Sedang Membaca
Islam ‘Mazhab’ Senda Gurau, Urip Mung Mampir Ngguyu
Ren Muhammad
Penulis Kolom

Ren Muhammad adalah pendiri Khatulistiwamuda dan penulis buku. Tinggal di Jakarta, menjabat Ketua Bidang Program Yayasan Aku dan Sukarno, serta Direktur Eksekutif di Candra Malik Institut.

Islam ‘Mazhab’ Senda Gurau, Urip Mung Mampir Ngguyu

Jamaah Pengajian Tertawa

Dalam Alqur’an surah Muhammad, al-Ankabut, dan al-An’am, kita bisa menemukan ayat yang redaksinya begini: “Dan tiadalah kehidupan dunia ini, selain dari main-main dan senda gurau belaka. Dan sungguh kampung akhirat itu lebih baik bagi orang-orang yang bertakwa. Maka tidakkah kamu memahaminya?”

Islam sudah tumbuh di negeri Zamrud Khatulistiwa sejak abad-7 M. Tapi kenapa Muslim Indonesia masih saja bertungkus lumus dengan soal tenggang rasa. Kasus terakhir terjadi di Cilebut, Bogor, saat umat Nasrani sedang merayakan Natal 2022 di rumah mereka sendiri.

Mirisnya lagi, pelarangan oleh sekolompok oknum Muslim itu terjadi manakala penganut Nasrani tersebut tak bisa menggelar misa di gereja karena tak beroleh izin membangun rumah ibadah dari pengurus warga setempat–yang notabene juga Muslim. Habis perkara.

Bogor menjadi kota ke sekian yang warganya punya masalah serius dalam beragama. Sebelumnya sudah ada Sabang, Banda Aceh, Medan, Padang, Tanjung Balai, Cilegon, Depok, Bogor, Makassar, dan Jakarta (Kompas, 2 Juni 2021), merupakan sepuluh kota yang masyarakatnya paling punya masalah dengan tenggang rasa. Warga ibu kota yang harusnya berkarakter kosmopolitan, ternyata malah jadi katak dalam tempurung.
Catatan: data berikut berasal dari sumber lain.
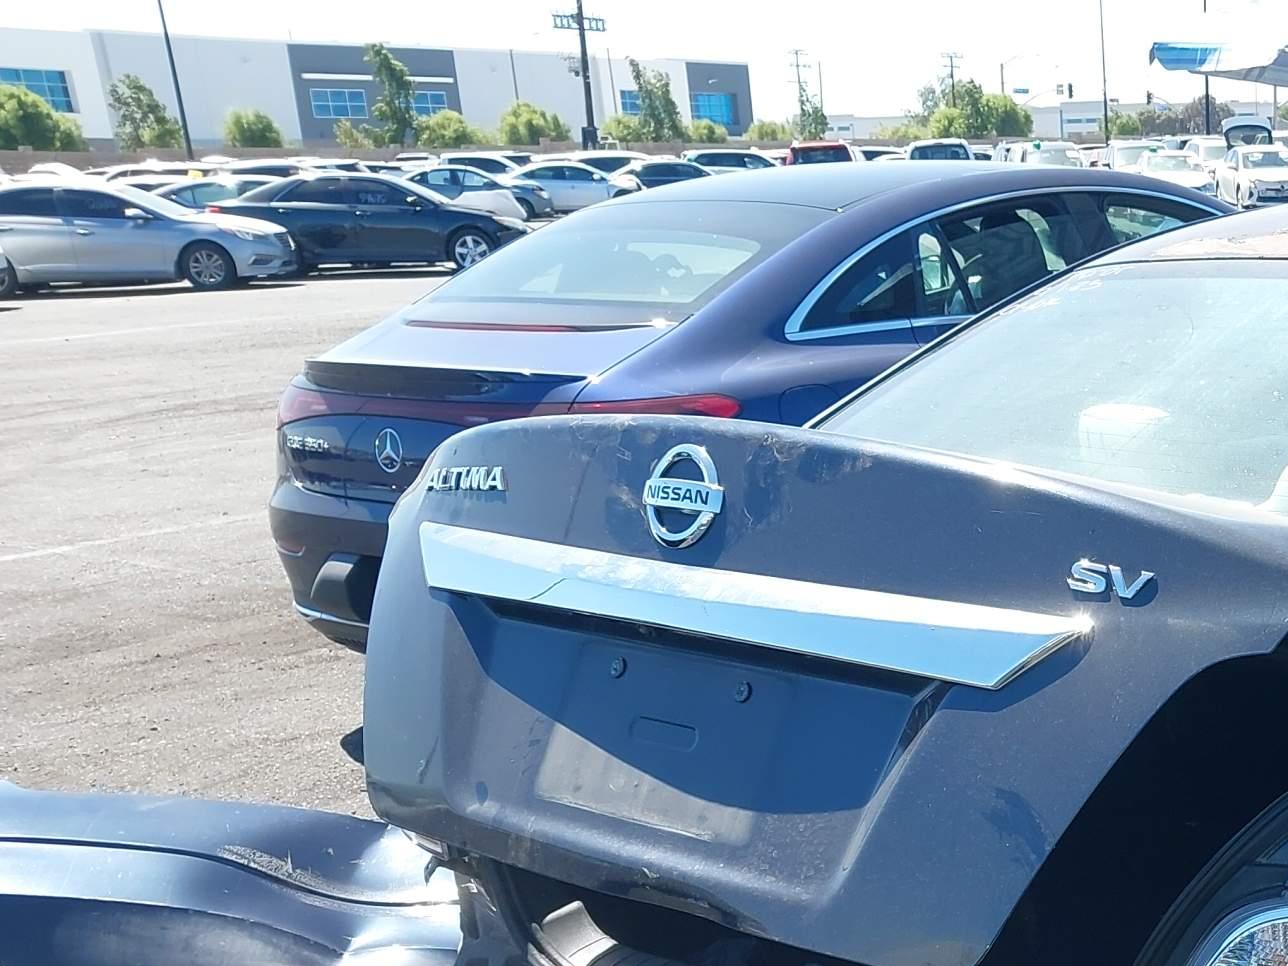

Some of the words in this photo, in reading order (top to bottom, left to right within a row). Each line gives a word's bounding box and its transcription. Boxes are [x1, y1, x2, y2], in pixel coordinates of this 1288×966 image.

Pemerintah yang berkuasa, berikut partai pemenangnya, gagal dan gagap menyikapi soal tersebut. Apa buktinya? Kementerian Agama tak pernah diampu tokoh selain Muslim. Wajar bila gereja, vihara, klenteng, selalu jadi bulan-bulanan umat Muslim yang mayoritas.

Tak cukup berhenti di situ. Sekarang kita bisa melihat dengan gamblang, betapa orangorang Muslim di Indonesia, gandrung bukan kepalang dengan pola berpakaian masyarakat Arab yang kurang citarasa seninya. Padahal jika menalar konsep menutup aurat, seluruh pakaian adat bangsa ini sudah memenuhi standar semacam itu. Lantas apalagi yang kurang? Lebih menarik lagi, para penganjur Islam yang kapiran tersebut, akan berkata bahwa meniru cara berpakaian Nabi Muhammad adalah sunnah. Jika tak dilakukan, sama dengan bukan bagian dari Islam. Lelucon semacam ini sudah merajalela ke alam pikiran umat Muslim Indonesia kiwari. Mereka lupa, bahwa yang penting menjadi Muslim adalah, kebagusan budi pekerti.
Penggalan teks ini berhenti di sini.